In recent years, several related classes of drugs, called biologics, have dramatically improved patient outlook for Juvenile Arthritis (JIA).
JIA causes pain and swelling in one or many joints. In some cases, the eyes and internal organs can also swell; rashes and fevers are also common. Over time, joints become deformed and degraded. But with newer medications, these hallmarks of the disease have almost disappeared.
But the major shift in treatment regimens has brought new challenges as well.
The new drugs are immune suppressants that carry more serious side effects than earlier JIA treatments.
“People do die of infections when they’re on these drugs,” said Dr. Patience White, a medical professor at George Washington University in Washington, D.C., and a spokesperson for the Arthritis Foundation. “They’re a great thing but they do dampen your immune response.”
Short-term side effects, though usually considered a worthwhile tradeoff, raise questions about longer-term side effects. Because the biologic drugs are new, no one knows what consequences they may have for young patients after 10 or 20 years. The immune system plays a role keeping cancer at bay, for instance, and adults with rheumatoid arthritis face elevated risks of some types cancer.
Perhaps the greatest problem is that for some patients who are good candidates for these medications, the drugs remain out of reach. Most family doctors don’t know how to use biologics, according to White, because JIA is rare and the drugs are new.

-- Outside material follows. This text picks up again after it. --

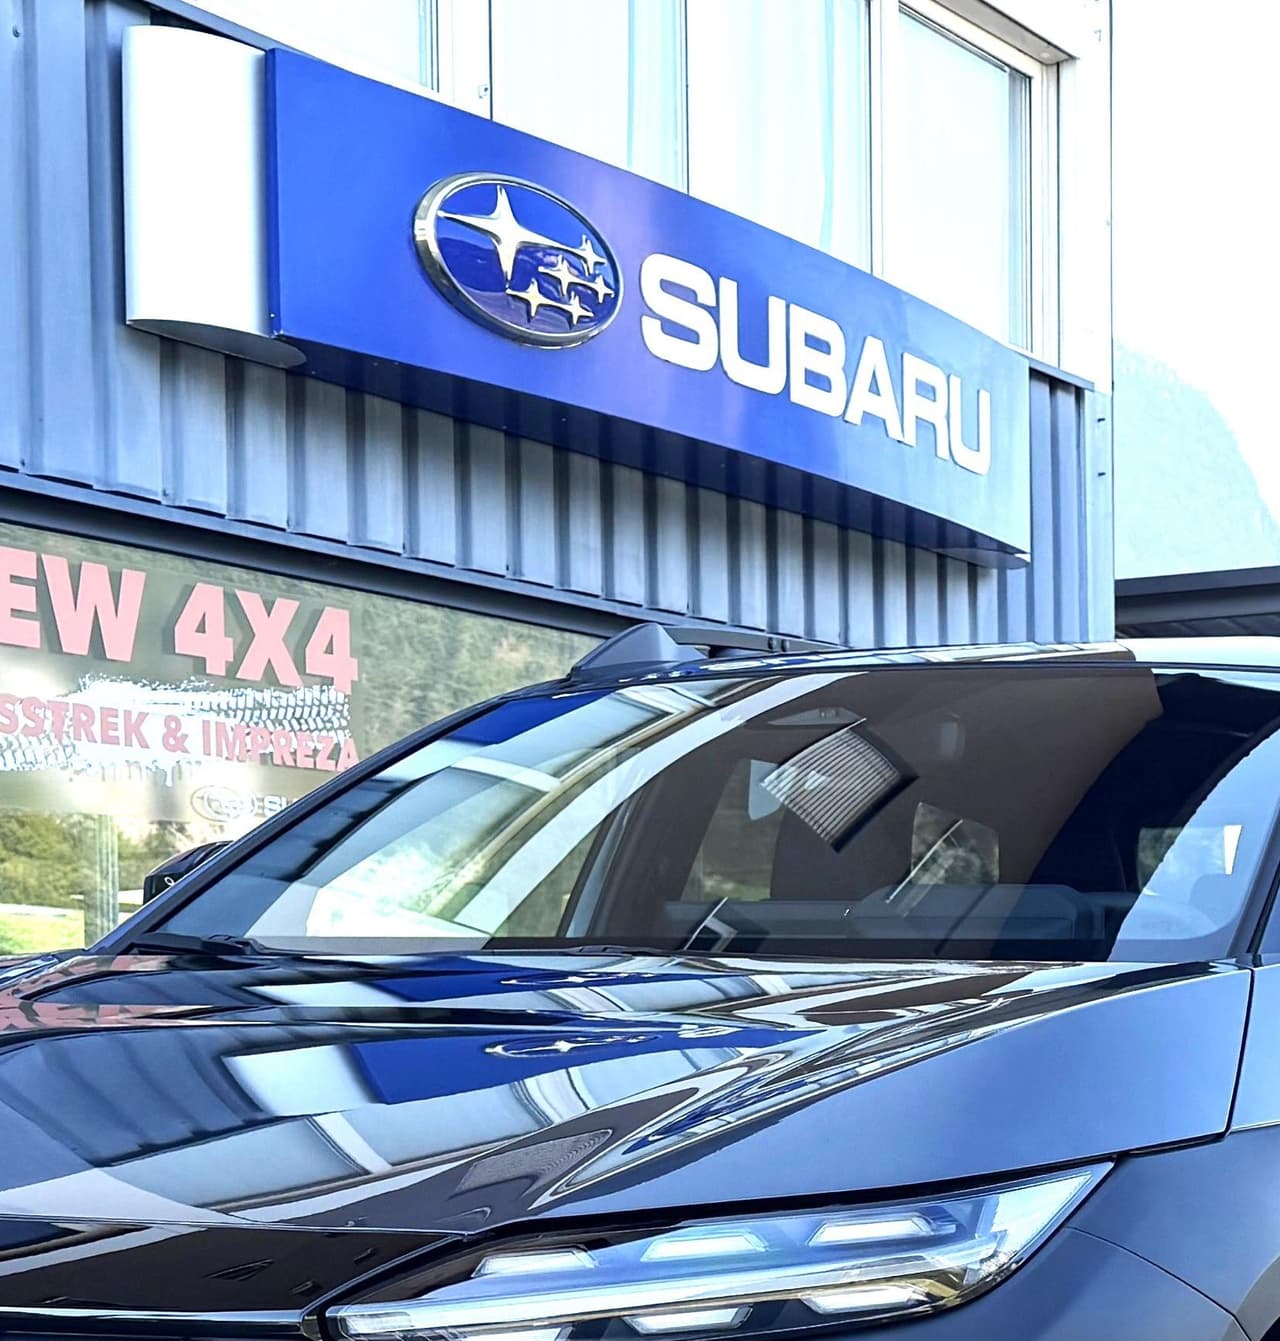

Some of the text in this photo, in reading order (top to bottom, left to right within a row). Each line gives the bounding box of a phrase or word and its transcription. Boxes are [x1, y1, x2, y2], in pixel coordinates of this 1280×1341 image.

[640, 252, 992, 475] SUBARU
[174, 582, 359, 696] 4X4
[161, 715, 190, 754] &
[202, 725, 360, 772] IMPREZA

Early intervention is key to protect joints from permanent damage, so families need to take affected children to a specialist right away. Yet, in at least 11 states there isn’t a single pediatric rheumatologist, according to Arthritis Foundation data.
Then there’s the issue of insurance coverage. Many insurers categorize biologics as specialty drugs, leaving families with high out-of-pocket costs.
“It’s a significant issue for families. To try to get these drugs for their kids, some have tried to sell their homes,” White said.
We should support the Arthritis Foundation’s lobbying efforts for expanded access to the new drugs.